Monday, July 4, 2011

Loving-Kindness

So I have tried the loving-kindness exercise a few more times since I first blogged about it and am having a little more success taking in the suffering of others. I find this much easier to do towards those who are close to me (fiance, dogs, mom and the like) but very difficult to do towards strangers. While trying to do so, images of people I know pop rather than the unknown because they are familiar. When this happens I try to avert my attention to the people I don't know. Does any one else run into this habit?

Saturday, July 2, 2011

Unit 4 Questions

Describe your experience. (Did you find it beneficial? Difficult?) Why or Why not? Would you recommend this to others? Why or Why not?

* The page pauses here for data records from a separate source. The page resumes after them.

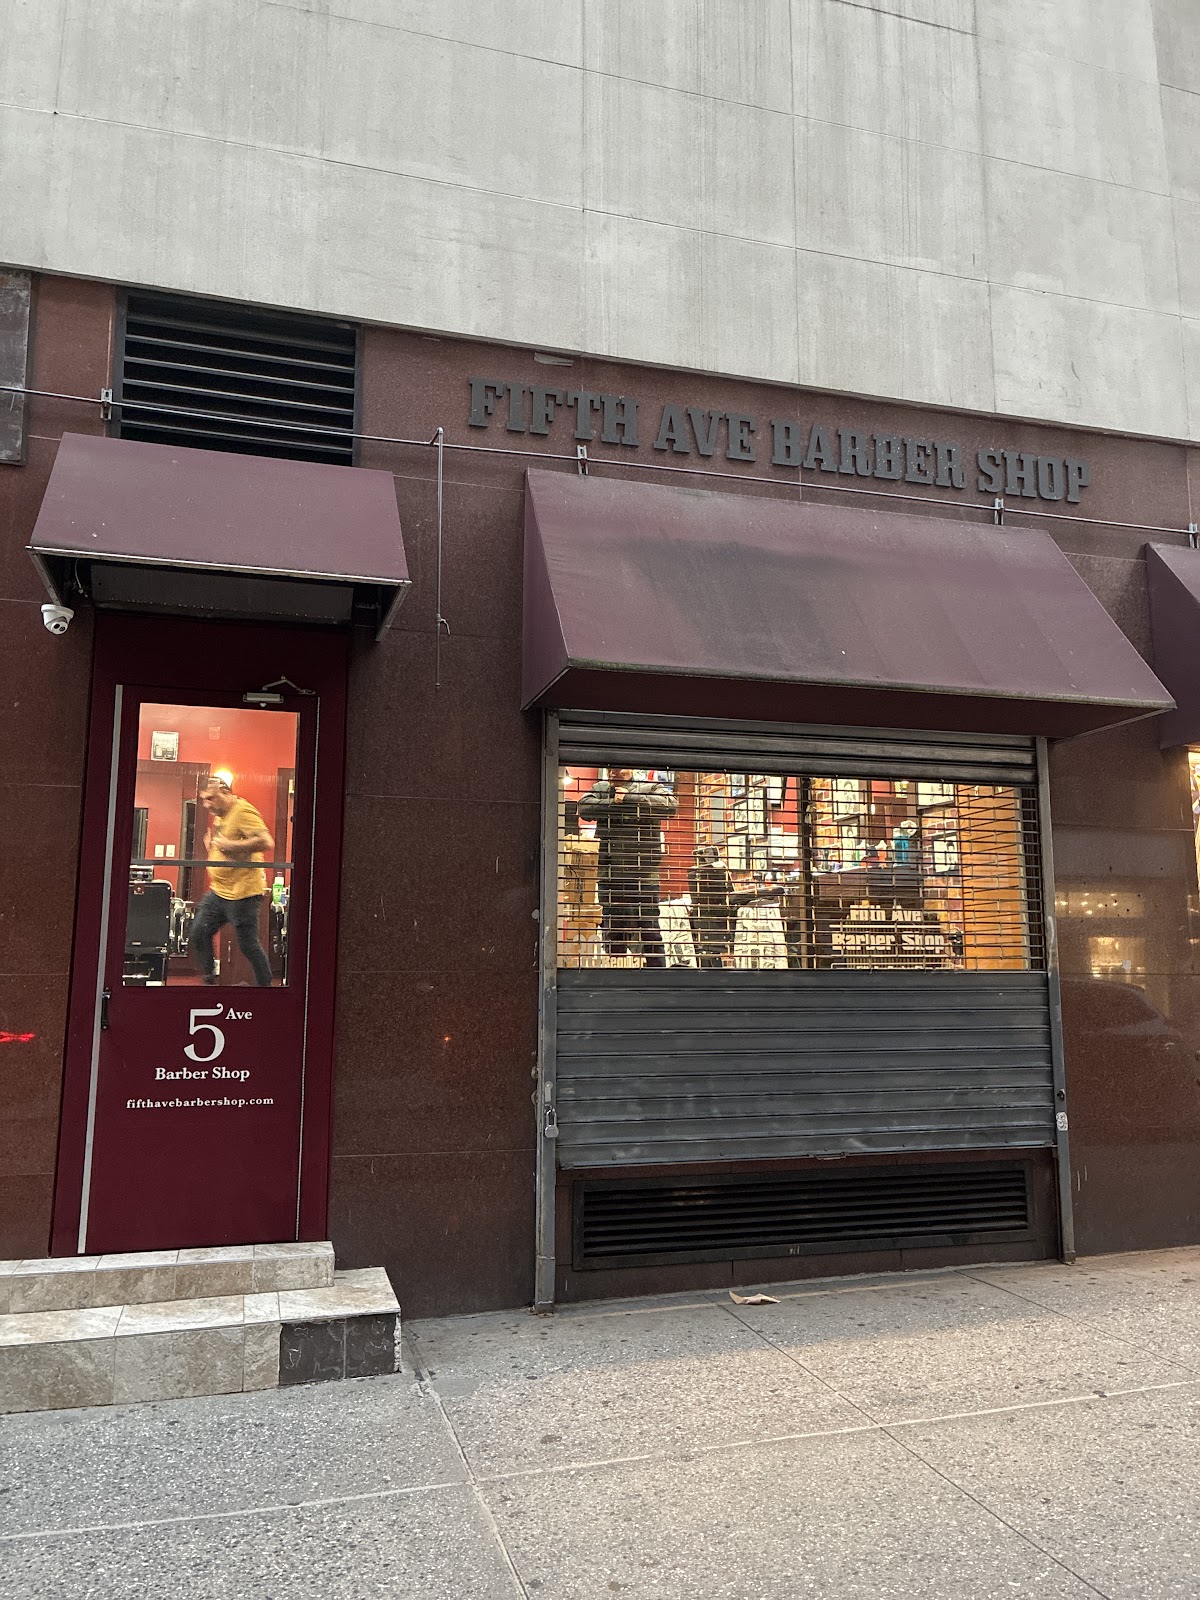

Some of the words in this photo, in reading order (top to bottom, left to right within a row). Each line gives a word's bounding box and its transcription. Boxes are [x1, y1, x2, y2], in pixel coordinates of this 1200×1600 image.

[468, 376, 639, 446] FIFTH
[653, 404, 757, 462] AVE
[771, 418, 966, 490] BARBER
[977, 447, 1091, 503] SHOP
[891, 904, 922, 922] Ave
[832, 932, 896, 951] Barber
[901, 930, 945, 954] Shop
[183, 1002, 226, 1063] 5
[225, 1007, 253, 1020] Ave
[154, 1067, 209, 1081] Barber
[211, 1066, 251, 1082] Shop
[126, 1097, 274, 1109] fifthavebarbershop.com

I enjoyed many aspects of the loving-kindness relaxation exercise. By the end of it, I was in a very relaxed state and was feeling positive about sending out good energy. The one part I did not like about the exercise was when it asked breath in the suffering of others. I had a very difficult time doing this and don't feel it is my proper role to absorb others pain. I reserve that role for some high power. I haven't done this exercise enough to know if I would recommend it to others.


What is the concept of “Mental Workout? What does the research indicate are the proven benefits of a Mental Work Out? How can you implement mental workouts to foster your psychological health?

A "Mental Workout" aids in developing our inner world. By doing these workouts we enter higher states of awareness and are able to access subtle levels of the mind. Research indicates mental workouts "transform the mind by reducing disturbing emotions that cause anger, hatred, fear, worry, confusion, and doubt while enhancing positive emotions such as patience, loving-kindness, openness, acceptance, and happiness" (Dacher, 2006, p. 63). Mental workouts help us transform within. Since I'm new to mental training, the best way for me to implement these workouts is through short 5 to 10 minute sessions throughout the day. It would be best for me to have the sessions in the same quiet place every time to prevent distractions, until I become more comfortable with this training.

I look forward to reading your thoughts!
Janelle
Reference
Dacher, Elliott S. (2006). Integral Health. The Path to Human Flourishing. Laguna Beach, CA: Basic Health Publications, Inc.